Both Senators Clinton and Obama appear to be arguing for a much more intensive effort to forge these political understandings that would make it possible to withdraw forces and not have everything collapse. But if withdrawal is truly to be used as a lever to help broker such understandings, the approach to withdrawal needs to be more flexible and not driven by a rigid timetable. In this way, withdrawal could be a mechanism to offer incentives and disincentives. With those groups who are prepared to cooperate with each other, the U.S. would make clear that it will withdraw when they want it to, where they want it to, and how they want it to--and its withdrawal will involve providing them military and economic assistance in the process. For those not prepared to cooperate with each other, withdrawal will not take place according to their wants and they will be denied military and economic assistance. Withdrawal can thus be a vehicle for rewards and punishments and not treated as an end in and of itself.
Even if the objective for Iraq were to be limited to containment--where the focus is more on preventing conflict in Iraq from spilling over to the region--withdrawal might still be used as a lever to help broker understandings between Iraq’s neighbors.

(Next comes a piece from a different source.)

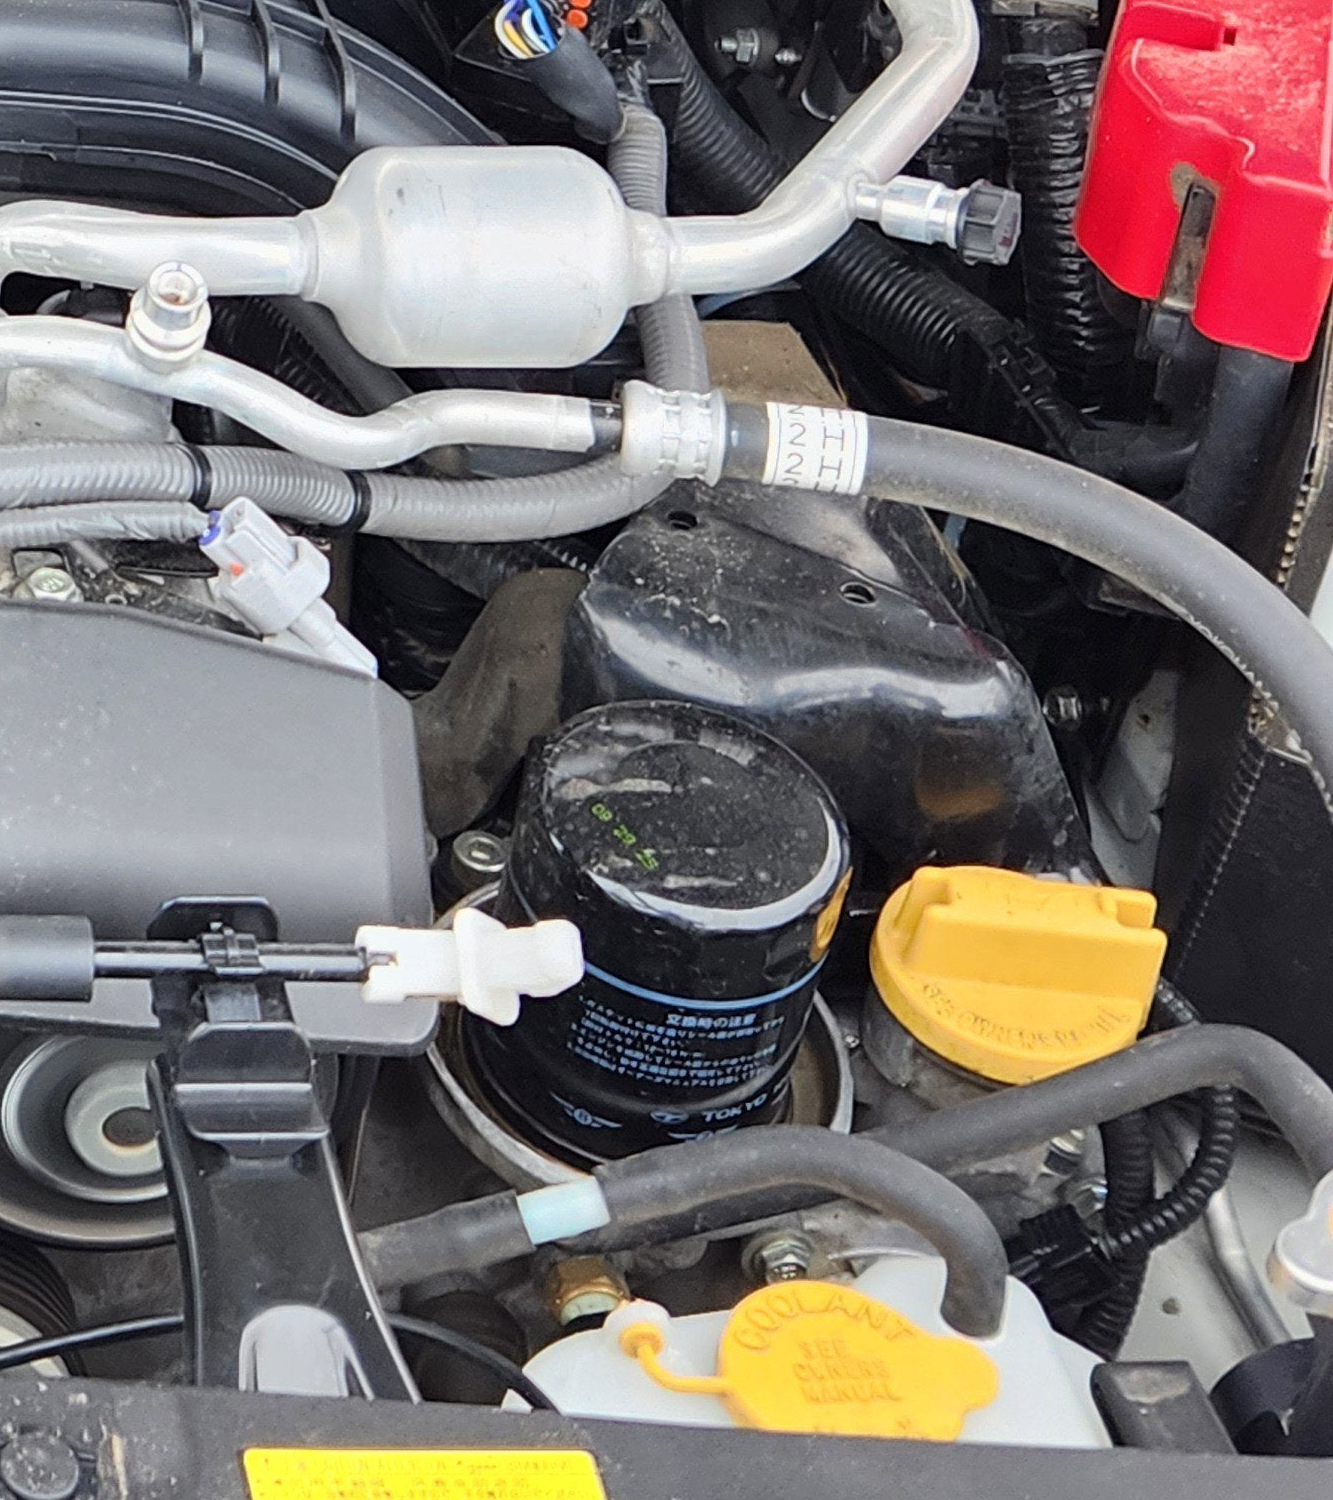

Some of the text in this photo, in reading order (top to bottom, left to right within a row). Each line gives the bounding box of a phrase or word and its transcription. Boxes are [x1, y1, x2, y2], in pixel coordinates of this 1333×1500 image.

None of them, including the Iranians, really want to see a vacuum in Iraq become a source of endless and expensive conflict between themselves, the Saudis, Jordanians, and Turkey. Either way, withdrawal will need to be approached with some flexibility if it is to be used as a political lever.
Neither holding the line on withdrawal nor staying the present course are sustainable without much more explanation to the country about its implications for our presence and investment. Come the fall campaign, both Senator McCain and the eventual Democratic nominee will need to explain what the surge has and has not done, what is and is not possible in Iraq, and at what investment. But even with such explanation, the current posture cannot work unless we employ political means to match the military means we are now using.
Dennis Ross is counselor and Ziegler distinguished fellow at the Washington Institute for Near East Policy and author of Statecraft: And How to Restore America's Standing in the World.